I get where you're coming from. Probably the easiest way would be to push the script off as a job, and wait for the results. You can even echo the results out with Receive-Job after it's done if you want.

So considering the bad script you have above, and this script file calling it:

$path = Split-Path -Path $MyInvocation.MyCommand.Definition -Parent

$start = Start-Job -ScriptBlock { . "$using:Path\badScript.ps1" } -Name "BadScript"

$wait = Wait-Job -Name "BadScript" -Timeout 100
Receive-Job -Name "BadScript"
Get-Command -Name "Get-ChildItem"

This will execute the bad script in a job, wait for the results, echo the results, and then continue executing the script it's in.

This could be wrapped in a function for any scripts you might need to call (just to be on the safe side.

Here's the output:

WARNING: Sorry, you can only run this script yesterday.

CommandType     Name                                               Version    Source
-----------     ----                                               -------    ------
Cmdlet          Get-ChildItem                                      3.1.0.0    Microsoft.PowerShell.Management

1 Comment

While Start-Job | Wait-Job is a little more complicated compared to my answer for something that needs to be synchronous, I really appreciate this one which stays wholly in commandlets!
1

In the about_Break documentation it says

PowerShell does not limit how far labels can resume execution. The label can even pass control across script and function call boundaries.

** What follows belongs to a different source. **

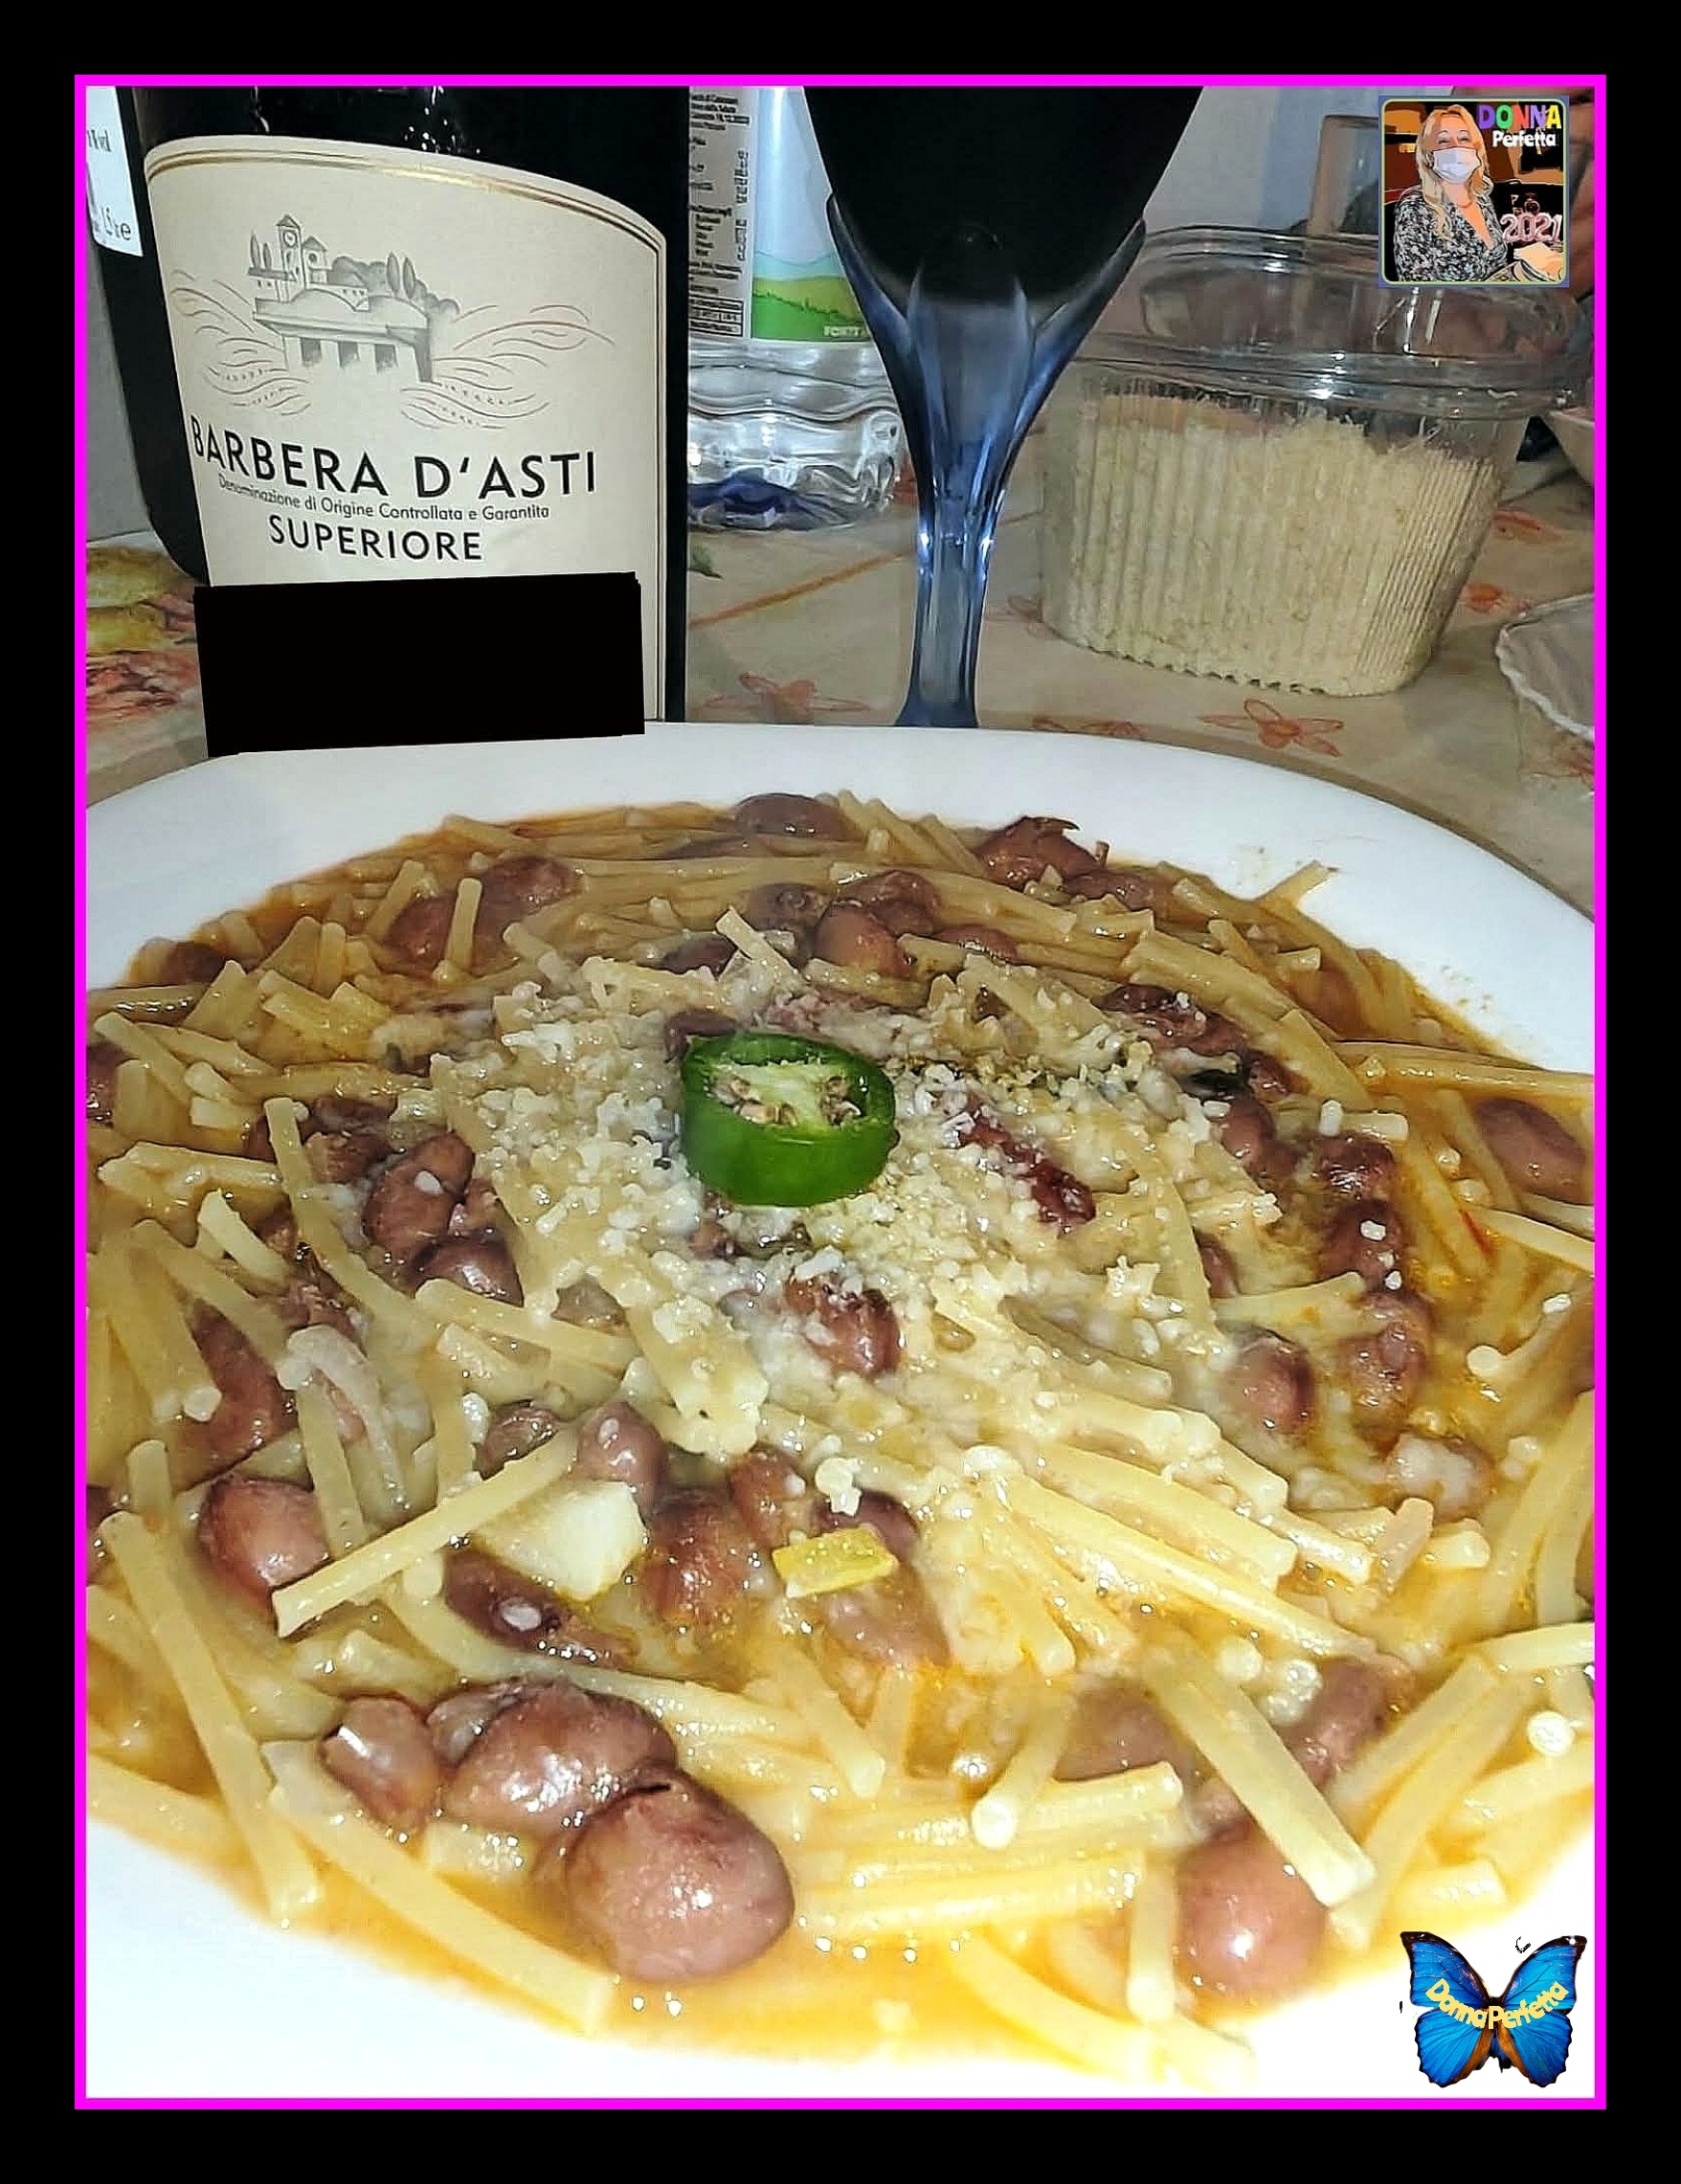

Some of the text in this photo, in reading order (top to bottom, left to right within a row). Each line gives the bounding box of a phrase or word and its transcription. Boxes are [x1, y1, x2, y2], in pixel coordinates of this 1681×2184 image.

[191, 414, 595, 500] BARBERA D'ASTI
[218, 473, 549, 521] Denominazione di Origine Controllata e Garantita
[269, 514, 482, 561] SUPERIORE

This got me thinking, "How can I trick this stupid language design choice?". And the answer is to create a little switch block that will trap the break on the way out:

.\NaughtyBreak.ps1

Write-Host "NaughtyBreak about to break"
break

.\OuterScript.ps1

switch ('dummy') { default {.\NaughtyBreak.ps1}}

Write-Host "After switch() {NaughtyBreak}"

.\NaughtyBreak.ps1

Write-Host "After plain NaughtyBreak"

Then when we call OuterScript.ps1 we get

NaughtyBreak about to break
After switch() {NaughtyBreak}
NaughtyBreak about to break

Notice that OuterScript.ps1 correctly resumed after the call to NaughtyBreak.ps1 embedded in the switch, but was unceremoniously killed when calling NaughtyBreak.ps1 directly.

2 Comments

If NaughtyBreak.ps1 has break non_existing_label, it will terminate the caller script. (Obviously this would only happen if the NaughtyBreak author intends it.)
@Silvar Good catch. That seems like a security issue. Imagine NaughtyBreak.ps1 knows the caller script has a particular enclosing label. It can then break execution to that label and there is nothing the outer script can do to stop it. Seems very wrong.
1

Putting break back inside a loop (including switch) where it belongs.

foreach($i in 1) { ./badscript.ps1 } 
'done'

Or

switch(1) {  1 { ./badscript.ps1 } }
'done'

3 Comments

Haha, clever. From experiences in other languages I never would have expected a break statement could affect a flow structure in a different file/function :)
I didn't know it either until your question. I know scripts you call can inherit the first script's variables. But they each have their own scope.
BTW, this won't work if the badscript author is 'clever' and actively trying to make the caller script to terminate: If they qualify break with a non-existing label, the caller script will always terminate. Of course the author of the caller script can examine badscript and make sure the call to it is enclosed with the needed labeled loops/switches to circumvent this.